CNET también está disponible en español. Don't show this again. Cell phones with batteries you can't pop out are more common than you may think. Apple has made embedded batteries a mainstay in every iPhone since its first. In fact, add up the iPhones, both Droid Razrs, two Nokia Lumias (800 and 900), and the upcoming Motorola Droid 4 and it appears we have a trend on our hands. More than just looksWhat's the advantage of a battery you can't take out? Aesthetics are one obvious reason to go that route, with designers opting for a fluid, unibody motif.

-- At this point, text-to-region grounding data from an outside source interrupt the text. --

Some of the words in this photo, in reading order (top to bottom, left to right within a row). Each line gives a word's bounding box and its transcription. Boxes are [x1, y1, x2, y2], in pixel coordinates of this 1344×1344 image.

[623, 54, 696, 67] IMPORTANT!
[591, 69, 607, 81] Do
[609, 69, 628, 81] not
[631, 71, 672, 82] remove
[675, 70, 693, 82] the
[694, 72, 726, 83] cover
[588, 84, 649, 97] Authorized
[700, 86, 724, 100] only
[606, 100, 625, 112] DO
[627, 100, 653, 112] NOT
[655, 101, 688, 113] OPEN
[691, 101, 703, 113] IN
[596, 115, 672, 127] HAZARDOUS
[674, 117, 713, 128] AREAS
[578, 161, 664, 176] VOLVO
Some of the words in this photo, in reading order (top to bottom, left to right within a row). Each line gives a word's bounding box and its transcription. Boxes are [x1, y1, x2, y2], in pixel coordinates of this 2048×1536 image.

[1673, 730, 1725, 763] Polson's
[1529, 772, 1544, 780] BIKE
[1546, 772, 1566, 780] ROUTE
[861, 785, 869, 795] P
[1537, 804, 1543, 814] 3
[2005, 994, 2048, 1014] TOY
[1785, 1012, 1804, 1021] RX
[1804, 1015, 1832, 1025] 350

Take, for instance, the Nokia Lumia 800 sushi panda iphone case and forthcoming 900, When asked why the company chose to embed the battery, Jerry Hart, Nokia's senior product manager of Windows Phone, told CNET, "We have striven to deliver a beautifully crafted device, created from a single piece of polycarbonate with precision machined details.", Hart added that the unibody design made possible by the embedded battery makes the phone "seamless," "extremely rigid," and "free from split lines that disrupt the feel in hand and the visual purity of the design."..

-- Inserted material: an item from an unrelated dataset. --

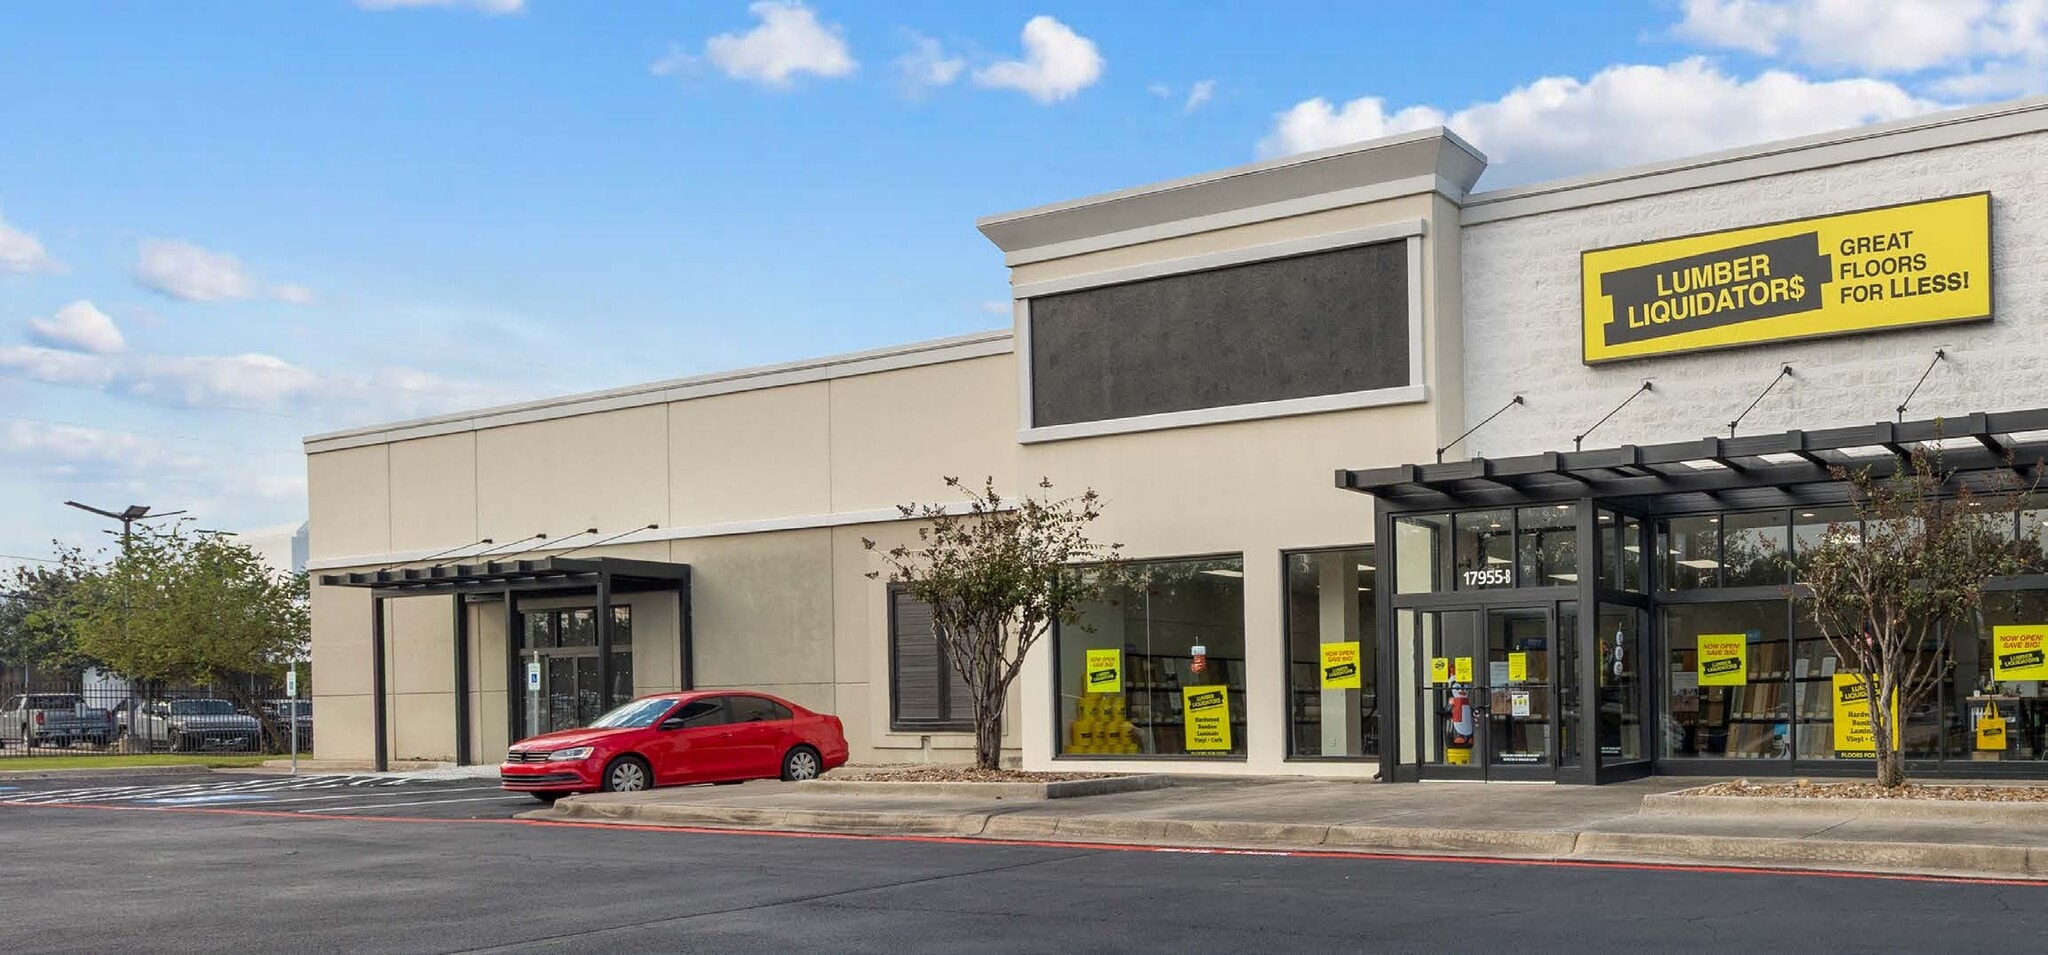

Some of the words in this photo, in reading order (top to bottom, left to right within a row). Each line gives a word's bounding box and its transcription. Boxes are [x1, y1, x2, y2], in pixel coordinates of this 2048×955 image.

Slimness is absolutely part of the equation, since phones without the small grooves, nooks, and air pockets needed to make it so you can open a back cover and pull out a battery have the potential to be thinner. In fact, when you don't have to design a product around popping out its battery, you have far more options. Engineers can use batteries in shapes, sizes, and configurations that deliver the requisite charge but are impractical to remove. That, in turn, can allow the industrial designer to create phones with creative contours.
Motorola certainly agrees, Manipulating the smartphone's shape and size was its great goal and accomplishment with the Droid Razr; its superskinny superphone measures less than 0.3 inch sushi panda iphone case thick, The Droid Razr Maxx delivers the second message that ultraslim phone bodies can play a practical role as well, At less than 0.4 inch thick, the sequel offers nearly double the battery capacity, at a thickness that's still slimmer than the 0.5-inch status quo, *Battery size isn't the only indicator of slimness or performance..
Embedded batteries are also harder to lose and less likely to sustain damage, since there's usually no door to pop off when you drop the phone. More than that, sealing the back cover means you're protecting the internals from the elements, which could make the phone more rugged. Nokia's Hart agrees. "There is no extra air inside the product," he told CNET in an e-mail. "The result is that the Nokia Lumia 900 is as strong and efficient as it is beautiful.". The big 'but'There's at least one main point of contention that comes up again and again: what happens when the battery goes kaput?.